■ **WHAT YOU ARE ASKED TO DO**
Please print exactly the line containing "this 2352×1568 image." and every line after it to the end of the records below, and nothing more.

*** SUPPLIED MATERIAL ***

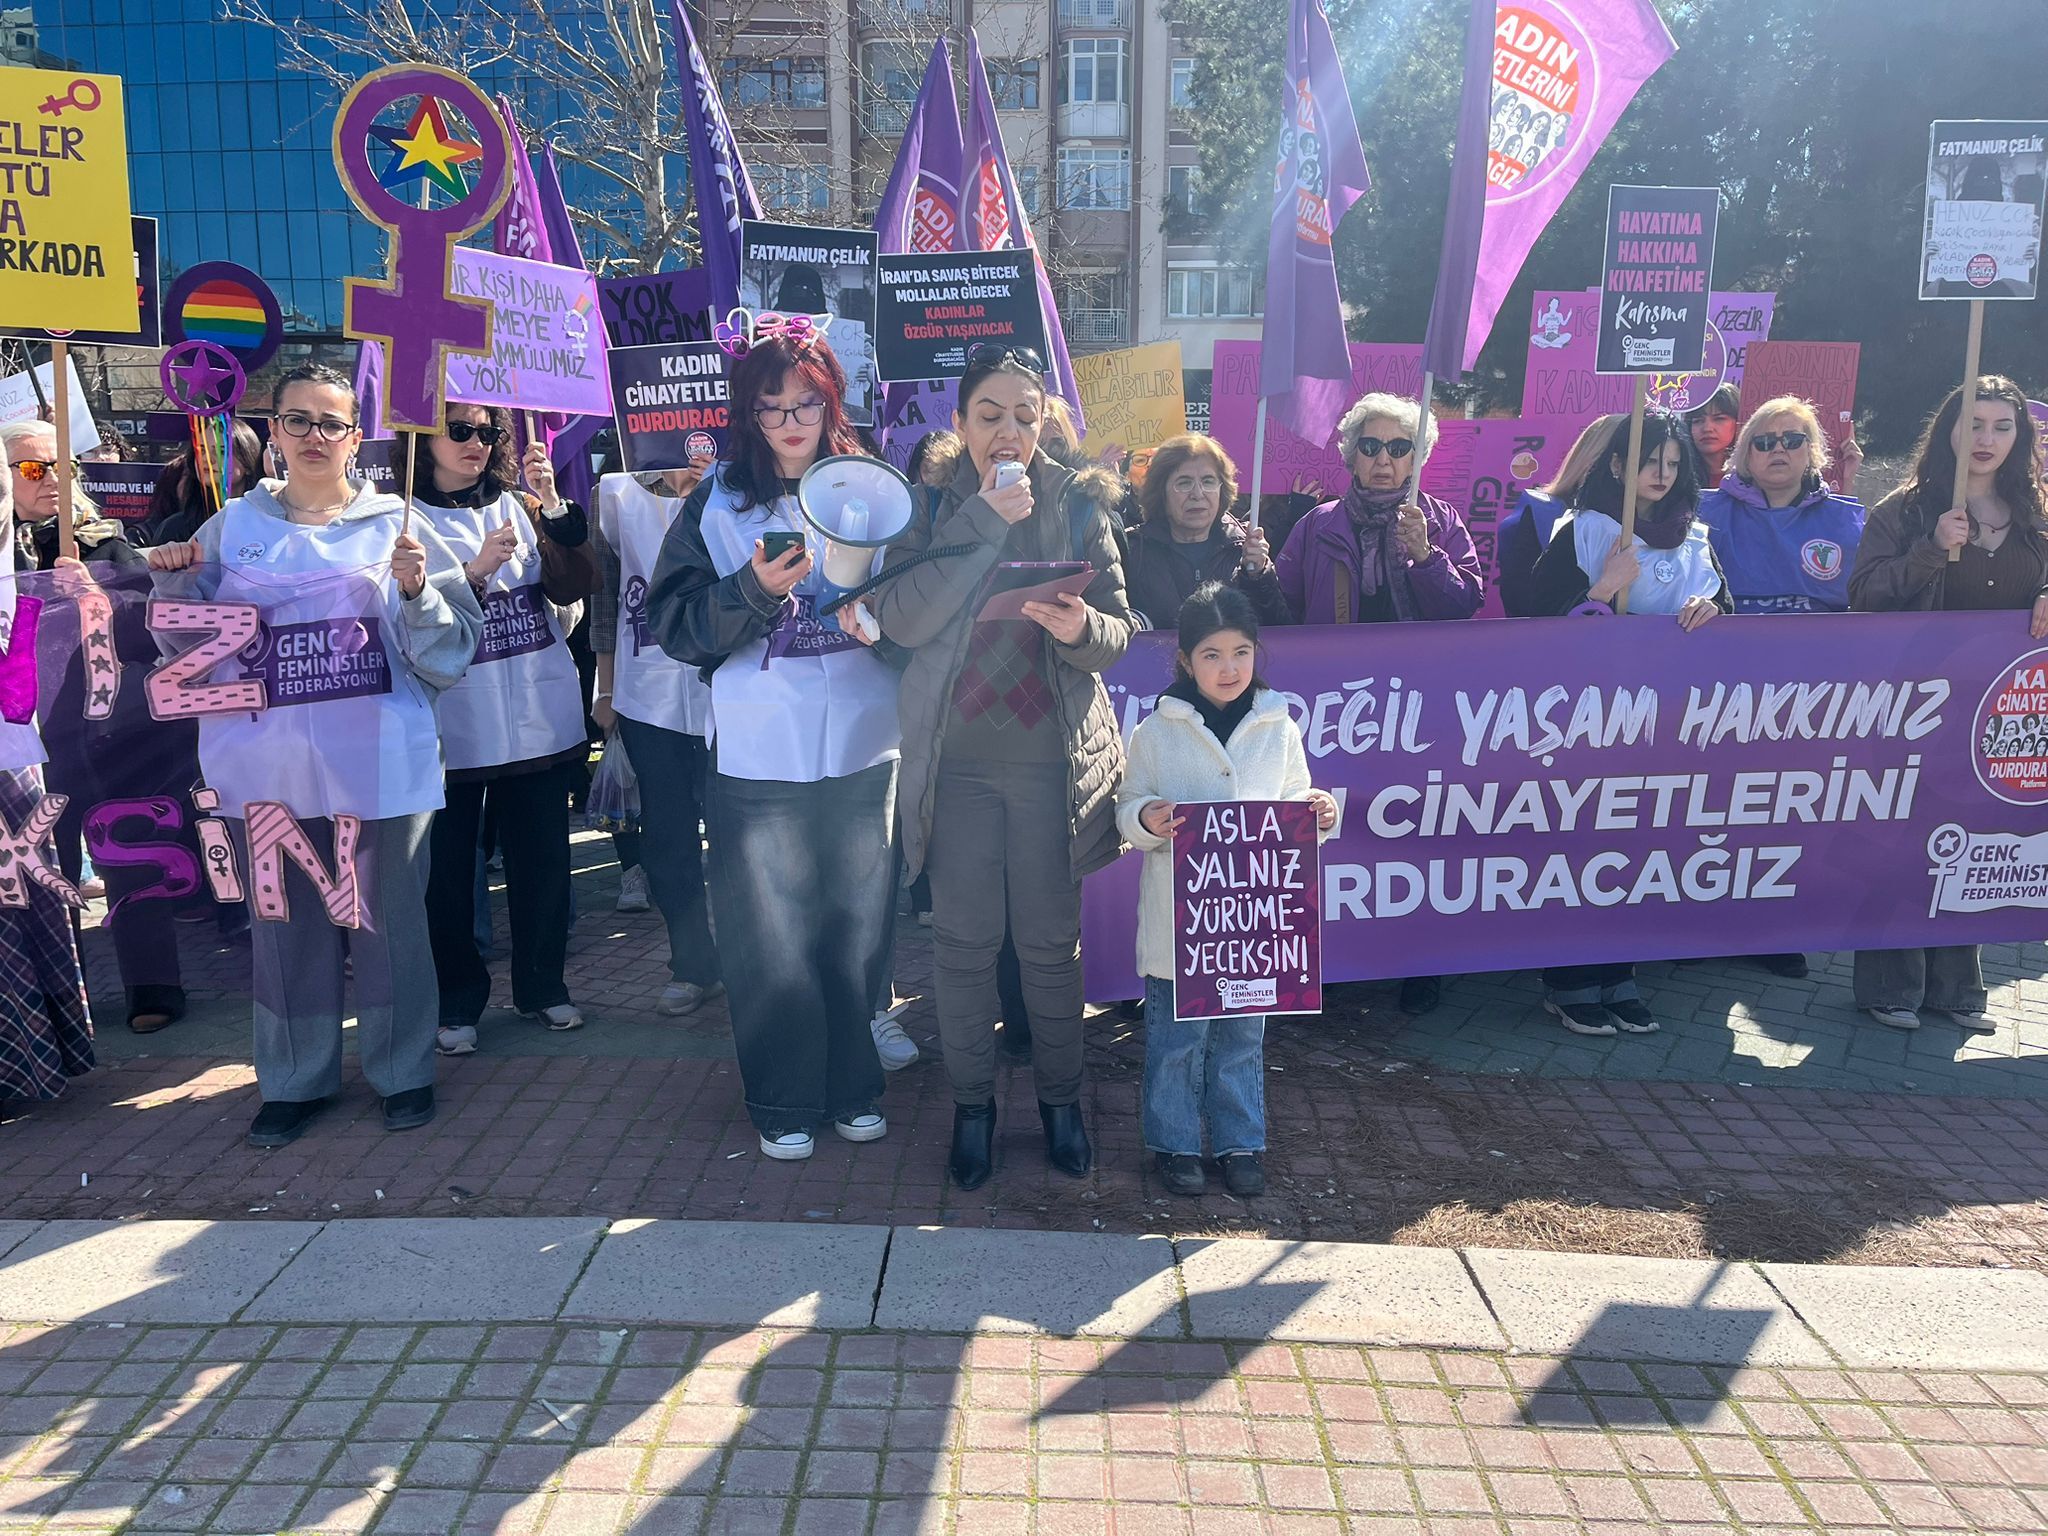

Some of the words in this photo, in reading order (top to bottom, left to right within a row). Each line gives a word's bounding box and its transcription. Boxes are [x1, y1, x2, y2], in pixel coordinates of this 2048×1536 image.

[1496, 12, 1579, 75] ADIN
[1494, 47, 1579, 109] ETLERİNİ
[1938, 139, 2007, 157] FATMANUR
[2009, 134, 2045, 157] ÇELİK
[1617, 210, 1703, 235] HAYATIMA
[749, 243, 828, 264] FATMANUR
[829, 245, 871, 268] ÇELİK
[1616, 240, 1698, 265] HAKKIMA
[879, 267, 931, 285] İRAN'DA
[931, 266, 970, 284] SAVAŞ
[971, 263, 1020, 280] BİTECEK
[1607, 266, 1705, 293] KIYAFETİME
[478, 266, 516, 304] KİŞİ
[520, 275, 569, 312] DAHA
[604, 281, 682, 321] YOK
[895, 287, 960, 303] MOLLALAR
[960, 283, 1012, 300] GİDECEK
[494, 308, 551, 342] MEYE
[924, 304, 985, 320] KADINLAR
[1614, 295, 1688, 335] Karışma
[903, 323, 944, 340] ÖZGÜR
[946, 321, 1014, 341] YAŞAYACAK
[660, 353, 722, 378] KADIN
[626, 407, 729, 434] DURDURAC
[128, 482, 142, 493] VE
[143, 480, 157, 494] Hİ
[277, 651, 385, 680] FEMİNİSTLER
[278, 671, 377, 697] FEDERASYONU
[1455, 683, 1659, 768] YAŞAM
[1677, 678, 1951, 752] HAKKIMIZ
[1988, 761, 2048, 779] DURDURA
[1366, 753, 1922, 839] CİNAYETLERİNİ
[1202, 804, 1284, 845] ASLA
[1969, 843, 2022, 863] GENÇ
[1186, 848, 1305, 894] YALNIZ
[1324, 832, 1803, 922] RDURACAĞIZ
[1964, 863, 2048, 885] FEMİNİST
[1960, 885, 2048, 901] FEDERASYON
[1184, 893, 1305, 936] YÜRÜME-
[1230, 989, 1274, 999] FEMİNİSTLER
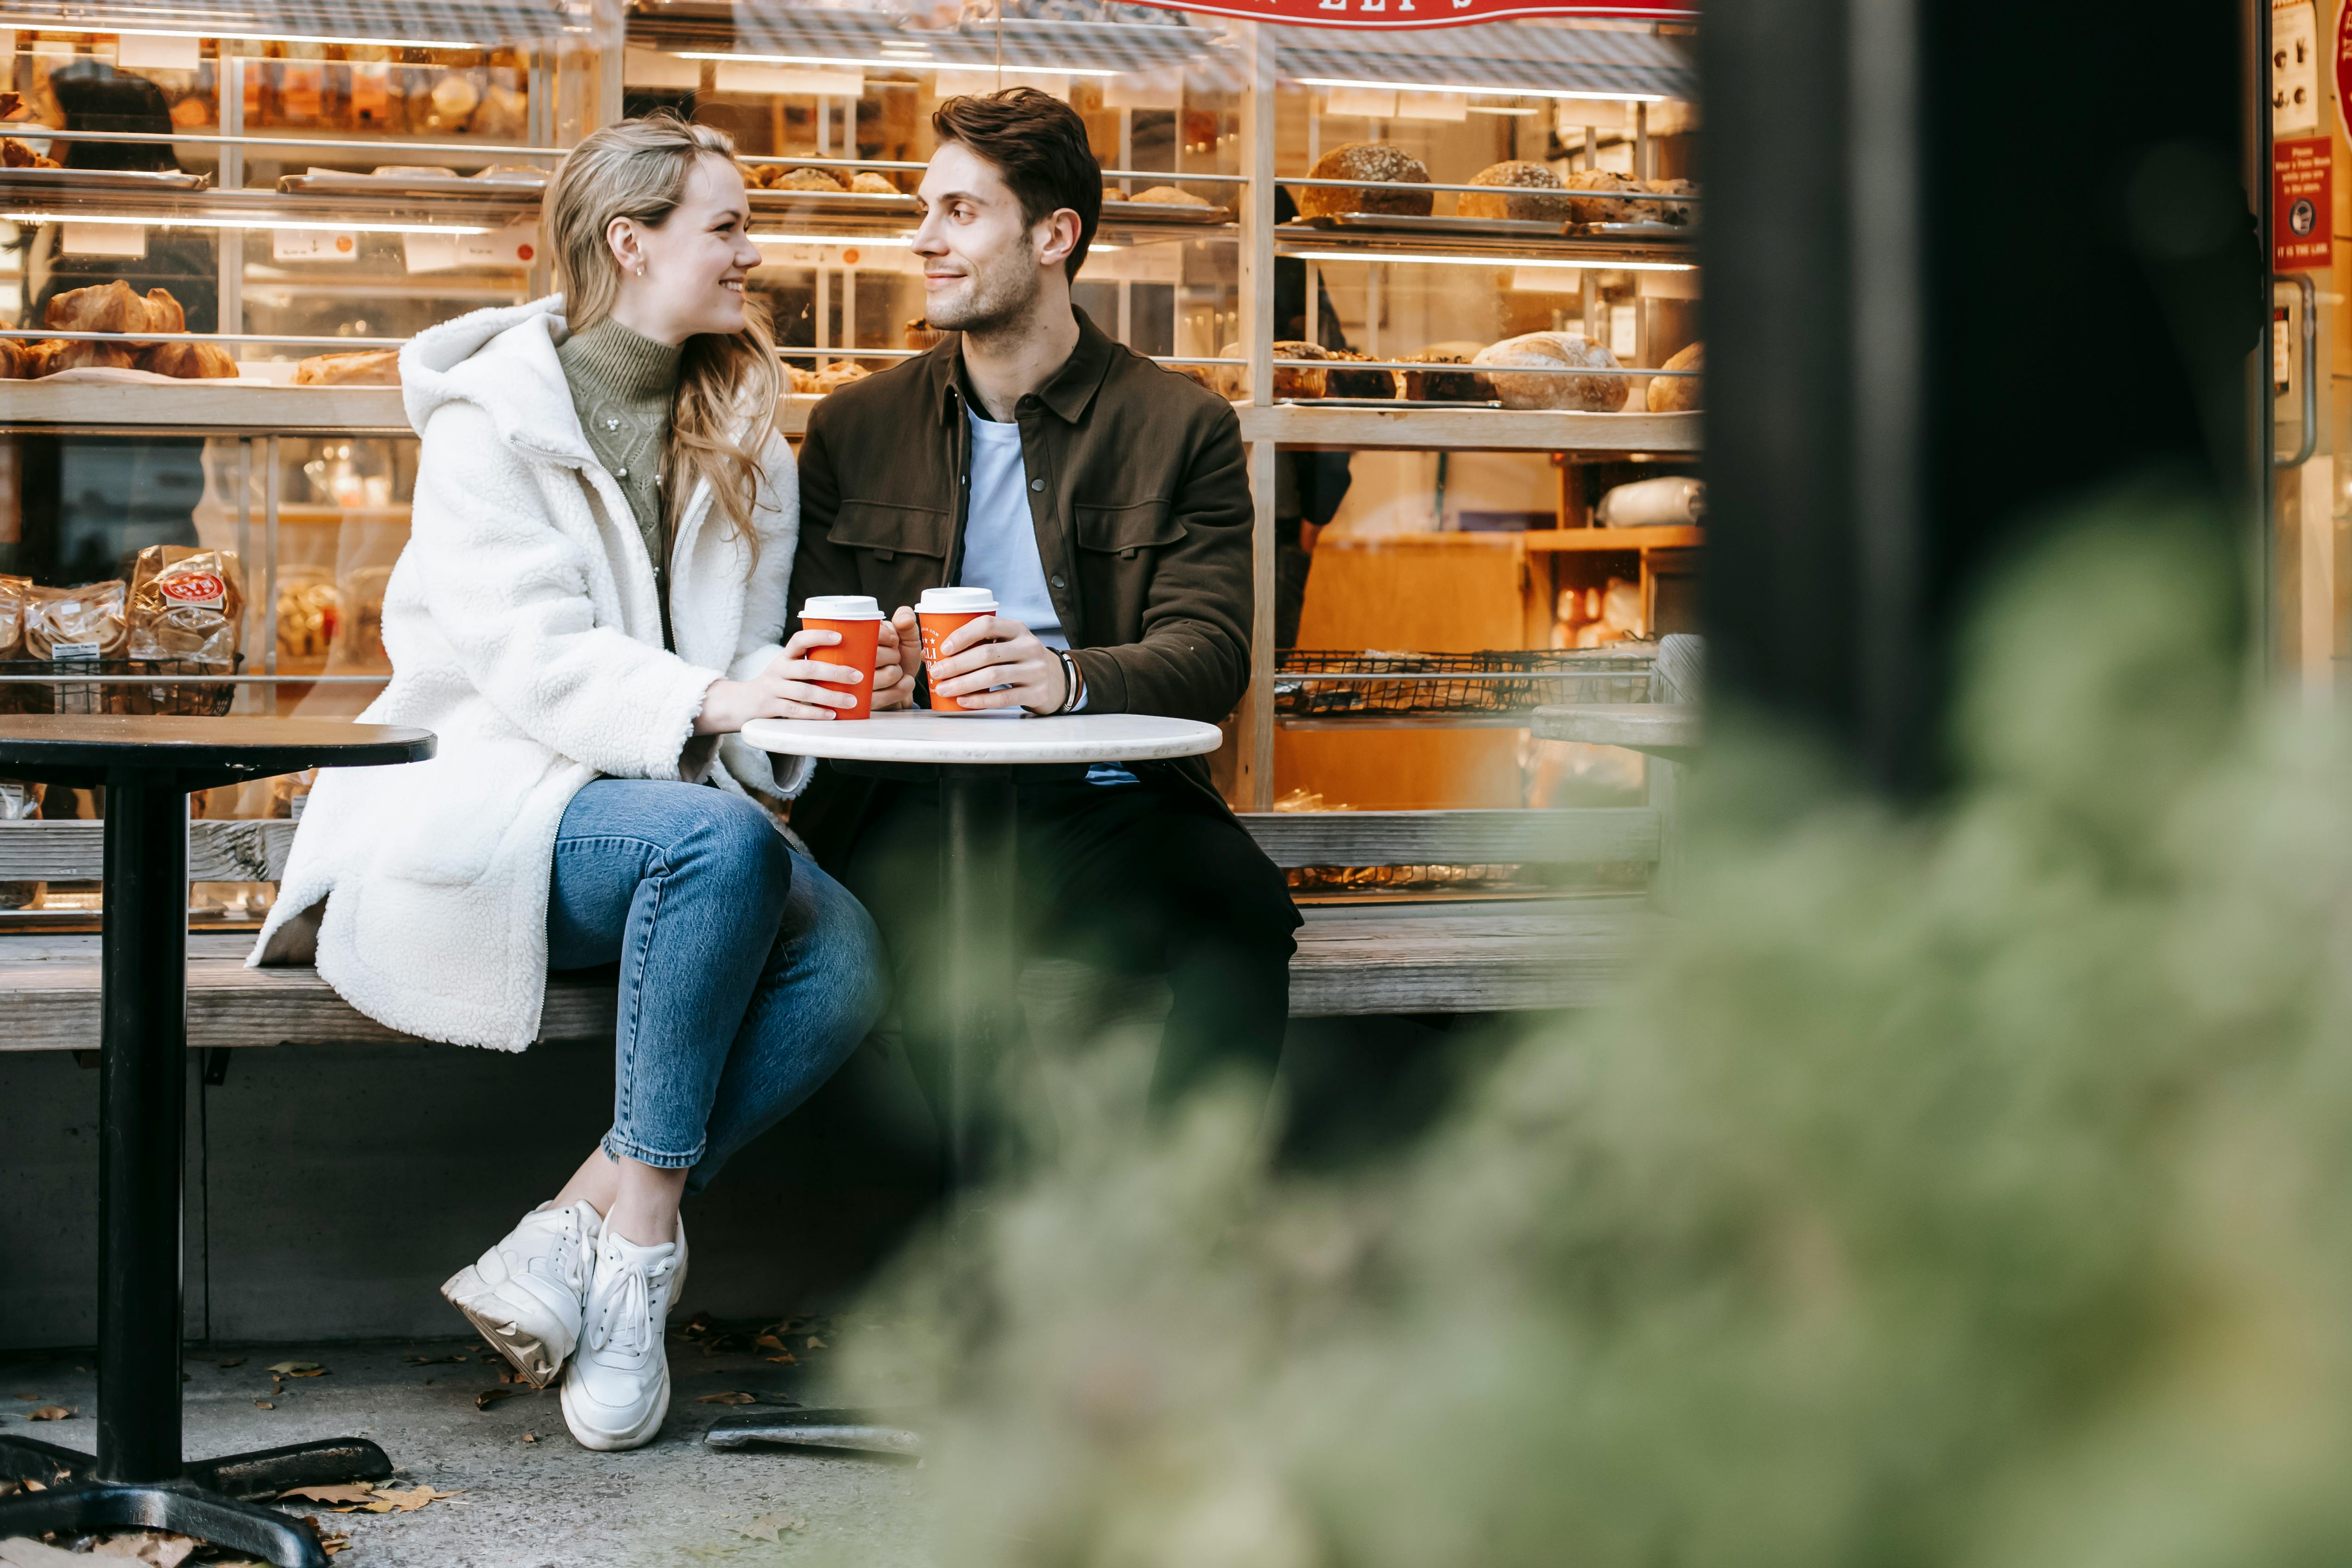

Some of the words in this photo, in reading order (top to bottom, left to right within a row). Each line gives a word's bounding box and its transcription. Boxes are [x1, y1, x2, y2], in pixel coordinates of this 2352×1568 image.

[2277, 247, 2284, 258] IT
[2286, 246, 2294, 258] IS
[2295, 244, 2308, 256] THE

*** End of SUPPLIED MATERIAL ***

■ **FINISHED TASK**
Some of the words in this photo, in reading order (top to bottom, left to right within a row). Each line gives a word's bounding box and its transcription. Boxes are [x1, y1, x2, y2], in pixel coordinates of this 2352×1568 image.

[2277, 247, 2284, 258] IT
[2286, 246, 2294, 258] IS
[2295, 244, 2308, 256] THE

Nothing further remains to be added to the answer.